One morning I listened to this podcast, which reminded me that when (more often than not) I am left at the end of the day with a confounded to-do list, and a schedule that has been followed for the first hour and then abandoned for the next fifteen it is not a failure. The only failure is of my own frustration and unbelief, me clapping my hands over my ears when God says 'For my thoughts are not your thoughts, neither are your ways my ways' (Isaiah 55:8-9) and saying 'Oh no, God, you don't understand - I had so much to do. I have so much to do. I need to do it, and fast, and the best way to do it is to stick to the list.' The podcast helpfully reminded me that 'efficiency of speed and directness is not what God is about. His purpose is to sanctify the traveler.' Frustration is, frustratingly, sanctifying. Change is sanctifying. But change and frustration don't need to go together. How much better to let God's changes sanctify me without pulling against his perfect plain, yearning for the imperfect but oh so efficient plan I put together.

Being ill, for instance, was not in my plan. 'My plan', in fact, was written out on Friday in the English Faculty Library, when I was just beginning to feel the aches of fever. I didn't recognise it (didn't want to?) and told myself it was me feeling sorry for myself or it was period hormones or I was just tired. And so I wrote out diligently in my diary 'Saturday - dissertation, meet Semine for lunch, SusSex Pistols, save the evening for Jacob. Sunday - meet Ashira 11.20 @ stag, 16.35 Choir. Monday- dissertation, v.c reading, movie, look over personal statement. Tuesday - prac crit, v.c writing, v.c. seminar reading. Wednesday - v.c writing, interview, seminar.....' 

I did probably about 3 of the things on that list (the interview, the movie and looking over my personal statement) and spent the rest of the time curled up, skyping family, listening to podcasts, watching movies, napping... And things didn't get done and I let them go, like balloons floating into the sky, and I knew that it was alright. After getting better, I wanted to keep that spirit of rest. The fact that a virus doesn't completely evaporate without leaving you a lingeringly weak and tired probably helped. But it meant doing yoga in the morning while listening to John Piper's solid joys, asking for essay extensions, getting 8 hours of sleep most nights, having naps, meeting friends and not looking at the time - just talking until we had nothing more to say and then parting full of each other, spending half my singing lesson talking about ice climbing and fell running and not feeling like it was a 'waste of time'. Nothing, I realise, is a waste of time if it is approached with the love of God and the thought that it is God's time. 

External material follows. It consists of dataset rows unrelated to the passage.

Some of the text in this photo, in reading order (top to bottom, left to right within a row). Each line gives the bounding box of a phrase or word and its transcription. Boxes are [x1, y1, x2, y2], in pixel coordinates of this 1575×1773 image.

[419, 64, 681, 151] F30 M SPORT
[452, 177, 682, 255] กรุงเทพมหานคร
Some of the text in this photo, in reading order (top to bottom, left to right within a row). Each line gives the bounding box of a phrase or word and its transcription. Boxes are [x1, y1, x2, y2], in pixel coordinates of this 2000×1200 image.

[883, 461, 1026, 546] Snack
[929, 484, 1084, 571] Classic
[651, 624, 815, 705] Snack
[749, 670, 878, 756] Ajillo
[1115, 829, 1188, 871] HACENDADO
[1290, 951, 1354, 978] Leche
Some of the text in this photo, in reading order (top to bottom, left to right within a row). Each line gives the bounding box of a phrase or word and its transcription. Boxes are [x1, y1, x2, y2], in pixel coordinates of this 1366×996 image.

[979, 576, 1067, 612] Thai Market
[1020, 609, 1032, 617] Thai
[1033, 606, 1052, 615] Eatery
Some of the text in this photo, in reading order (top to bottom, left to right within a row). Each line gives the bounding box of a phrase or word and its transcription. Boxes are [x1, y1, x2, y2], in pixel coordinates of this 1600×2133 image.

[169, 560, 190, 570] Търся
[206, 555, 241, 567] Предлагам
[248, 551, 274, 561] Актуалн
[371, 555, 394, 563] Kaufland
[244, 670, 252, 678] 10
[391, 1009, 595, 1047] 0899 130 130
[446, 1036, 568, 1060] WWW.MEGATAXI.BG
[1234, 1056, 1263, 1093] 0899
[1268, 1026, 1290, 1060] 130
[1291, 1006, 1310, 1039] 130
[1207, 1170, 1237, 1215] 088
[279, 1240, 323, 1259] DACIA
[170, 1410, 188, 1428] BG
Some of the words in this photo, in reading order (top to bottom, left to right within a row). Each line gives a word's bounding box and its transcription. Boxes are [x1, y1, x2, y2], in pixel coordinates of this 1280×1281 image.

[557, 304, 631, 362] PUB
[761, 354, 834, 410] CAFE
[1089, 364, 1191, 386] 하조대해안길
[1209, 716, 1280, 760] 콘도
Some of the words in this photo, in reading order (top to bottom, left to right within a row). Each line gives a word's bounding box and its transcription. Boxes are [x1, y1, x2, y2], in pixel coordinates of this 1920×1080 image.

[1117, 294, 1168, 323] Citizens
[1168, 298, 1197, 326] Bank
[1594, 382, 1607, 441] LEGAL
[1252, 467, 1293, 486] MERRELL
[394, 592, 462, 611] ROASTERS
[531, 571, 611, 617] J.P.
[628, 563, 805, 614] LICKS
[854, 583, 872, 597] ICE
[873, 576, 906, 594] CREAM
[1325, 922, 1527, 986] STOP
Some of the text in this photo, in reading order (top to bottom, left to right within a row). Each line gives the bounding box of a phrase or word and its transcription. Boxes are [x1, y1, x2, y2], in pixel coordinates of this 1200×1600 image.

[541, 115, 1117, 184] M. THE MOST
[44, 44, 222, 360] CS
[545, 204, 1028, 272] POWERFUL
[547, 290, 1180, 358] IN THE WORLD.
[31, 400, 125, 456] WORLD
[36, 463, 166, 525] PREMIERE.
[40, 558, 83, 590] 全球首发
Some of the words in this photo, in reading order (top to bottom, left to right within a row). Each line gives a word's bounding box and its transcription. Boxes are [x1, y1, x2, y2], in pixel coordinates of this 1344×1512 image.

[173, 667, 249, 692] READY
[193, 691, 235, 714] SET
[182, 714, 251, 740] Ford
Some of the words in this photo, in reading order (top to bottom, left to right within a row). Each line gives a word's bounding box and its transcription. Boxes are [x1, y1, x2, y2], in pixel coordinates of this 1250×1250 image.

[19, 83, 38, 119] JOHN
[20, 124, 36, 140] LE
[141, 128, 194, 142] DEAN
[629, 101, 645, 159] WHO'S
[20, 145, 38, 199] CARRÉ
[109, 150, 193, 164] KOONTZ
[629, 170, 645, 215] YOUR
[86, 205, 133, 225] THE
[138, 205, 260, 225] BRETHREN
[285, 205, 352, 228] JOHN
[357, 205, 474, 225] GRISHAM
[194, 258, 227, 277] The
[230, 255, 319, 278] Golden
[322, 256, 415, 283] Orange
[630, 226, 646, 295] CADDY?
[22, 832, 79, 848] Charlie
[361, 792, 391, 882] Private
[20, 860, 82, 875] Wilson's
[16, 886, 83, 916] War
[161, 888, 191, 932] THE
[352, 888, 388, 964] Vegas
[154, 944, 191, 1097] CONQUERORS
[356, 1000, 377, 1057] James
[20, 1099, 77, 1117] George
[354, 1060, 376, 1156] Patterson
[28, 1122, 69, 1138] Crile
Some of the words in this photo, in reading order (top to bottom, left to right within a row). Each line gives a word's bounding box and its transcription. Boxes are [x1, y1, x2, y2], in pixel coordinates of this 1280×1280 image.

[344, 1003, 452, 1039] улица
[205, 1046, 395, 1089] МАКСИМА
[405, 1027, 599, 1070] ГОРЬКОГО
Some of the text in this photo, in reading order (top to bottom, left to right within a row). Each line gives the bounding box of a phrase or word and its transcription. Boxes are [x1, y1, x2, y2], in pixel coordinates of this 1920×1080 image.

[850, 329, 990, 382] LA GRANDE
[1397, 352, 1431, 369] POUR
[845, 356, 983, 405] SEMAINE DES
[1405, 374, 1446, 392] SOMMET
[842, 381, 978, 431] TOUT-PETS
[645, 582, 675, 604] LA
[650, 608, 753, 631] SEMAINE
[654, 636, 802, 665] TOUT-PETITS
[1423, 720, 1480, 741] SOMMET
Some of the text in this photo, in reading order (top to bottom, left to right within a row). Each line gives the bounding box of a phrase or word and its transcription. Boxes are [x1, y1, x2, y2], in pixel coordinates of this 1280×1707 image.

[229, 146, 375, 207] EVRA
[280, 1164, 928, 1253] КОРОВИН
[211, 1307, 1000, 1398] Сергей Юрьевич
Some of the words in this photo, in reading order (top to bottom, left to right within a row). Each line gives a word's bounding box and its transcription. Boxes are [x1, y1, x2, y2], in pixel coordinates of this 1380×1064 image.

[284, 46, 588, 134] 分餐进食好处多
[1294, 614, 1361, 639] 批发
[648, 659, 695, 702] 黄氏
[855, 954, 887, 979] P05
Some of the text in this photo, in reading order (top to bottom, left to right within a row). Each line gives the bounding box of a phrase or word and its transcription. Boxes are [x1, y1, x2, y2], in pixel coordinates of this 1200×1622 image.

One thing I talked about with Semine when it came to rest was the sad reality that often rest makes us feel guilty, as if we don't deserve it, as if our purpose is human productivity. The strange 'self-forgiveness' we feel we need when we rest is, unsurprisingly, a big part of God's character - it's called grace. Grace to rest, grace to feel 'useless' and yet loved and intentional (intentionally useless?), grace to give anxiety about the future, about work, about time, to the hands that made and hold it all. 

When I was lying in bed, I read a lot of poetry (because poetry is in itself a medicine - poetry-cetamol?) and one poem I loved was The Broken Sandal, by Denise Levertov:

Dreamed the thong of my sandal broke.
Nothing to hold it to my foot.
How shall I walk?
                Barefoot?
The sharp stones, the dirt. I would
hobble.
And–
Where was I going?
Where was I going I can’t
go to now, unless hurting?
Where am I standing, if I’m
to stand still now?

I know where I'm standing, I know who hold me up even when I'm hobbling, and I know he guides my paths - they may be slow, vacillating wanders, with lots of pauses, rather than the straight line trajectories I envisage, but they are a beautiful, sanctifying journey.